Each record that follows is to be reproduced character for character, pictures excepted.

[Images for object localization]
- - -
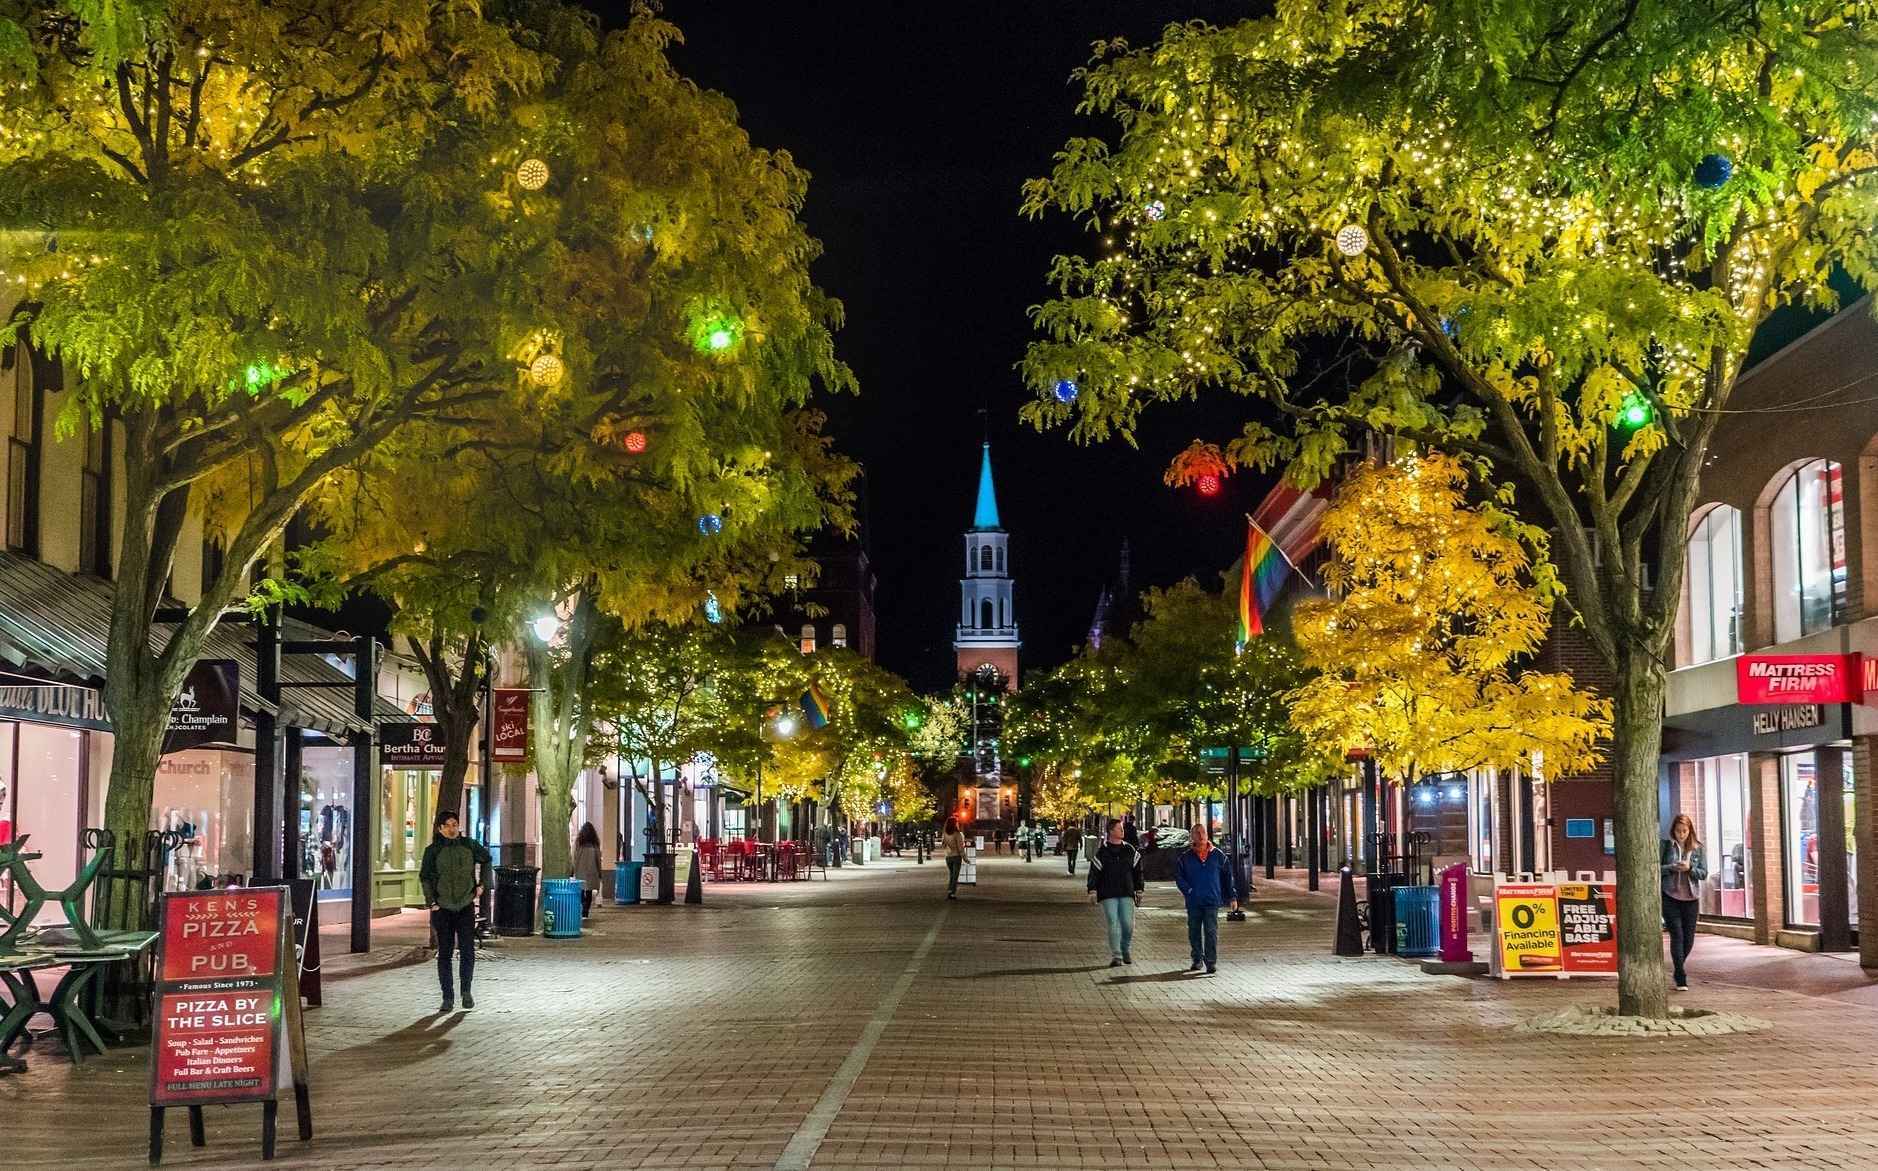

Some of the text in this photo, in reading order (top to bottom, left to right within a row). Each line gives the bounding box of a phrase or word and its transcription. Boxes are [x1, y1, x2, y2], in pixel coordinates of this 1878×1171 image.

[1749, 663, 1836, 677] MATTRESS
[1768, 677, 1817, 691] FIRM
[182, 713, 228, 726] Champlain
[1753, 704, 1818, 735] HELLY HANSEN
[496, 728, 526, 742] LOCAL
[384, 743, 420, 753] Bertha
[189, 899, 257, 912] KEN'S
[1563, 904, 1596, 914] FREE
[1564, 914, 1616, 924] ADJUST
[183, 920, 259, 938] PIZZA
[1504, 929, 1556, 941] Financing
[1565, 933, 1600, 943] BASE
[1506, 939, 1554, 951] Available
[191, 953, 248, 971] PUB
[176, 999, 259, 1013] PIZZA BY
[167, 1013, 267, 1028] THE SLICE
[167, 1039, 187, 1048] Soup
[193, 1037, 214, 1046] Salad
[219, 1036, 265, 1044] Sandwiches
[175, 1048, 191, 1056] Pub
[192, 1047, 209, 1055] Fare
[187, 1056, 243, 1066] Italian Dinners
[174, 1065, 255, 1076] Full Bar & Craft Beers
[189, 1081, 212, 1089] MENU
[213, 1080, 233, 1088] LATE
[234, 1079, 260, 1087] NIGHT
- - -
| Result of this task |
Some of the text in this photo, in reading order (top to bottom, left to right within a row). Each line gives the bounding box of a phrase or word and its transcription. Boxes are [x1, y1, x2, y2], in pixel coordinates of this 1878×1171 image.

[1749, 663, 1836, 677] MATTRESS
[1768, 677, 1817, 691] FIRM
[182, 713, 228, 726] Champlain
[1753, 704, 1818, 735] HELLY HANSEN
[496, 728, 526, 742] LOCAL
[384, 743, 420, 753] Bertha
[189, 899, 257, 912] KEN'S
[1563, 904, 1596, 914] FREE
[1564, 914, 1616, 924] ADJUST
[183, 920, 259, 938] PIZZA
[1504, 929, 1556, 941] Financing
[1565, 933, 1600, 943] BASE
[1506, 939, 1554, 951] Available
[191, 953, 248, 971] PUB
[176, 999, 259, 1013] PIZZA BY
[167, 1013, 267, 1028] THE SLICE
[167, 1039, 187, 1048] Soup
[193, 1037, 214, 1046] Salad
[219, 1036, 265, 1044] Sandwiches
[175, 1048, 191, 1056] Pub
[192, 1047, 209, 1055] Fare
[187, 1056, 243, 1066] Italian Dinners
[174, 1065, 255, 1076] Full Bar & Craft Beers
[189, 1081, 212, 1089] MENU
[213, 1080, 233, 1088] LATE
[234, 1079, 260, 1087] NIGHT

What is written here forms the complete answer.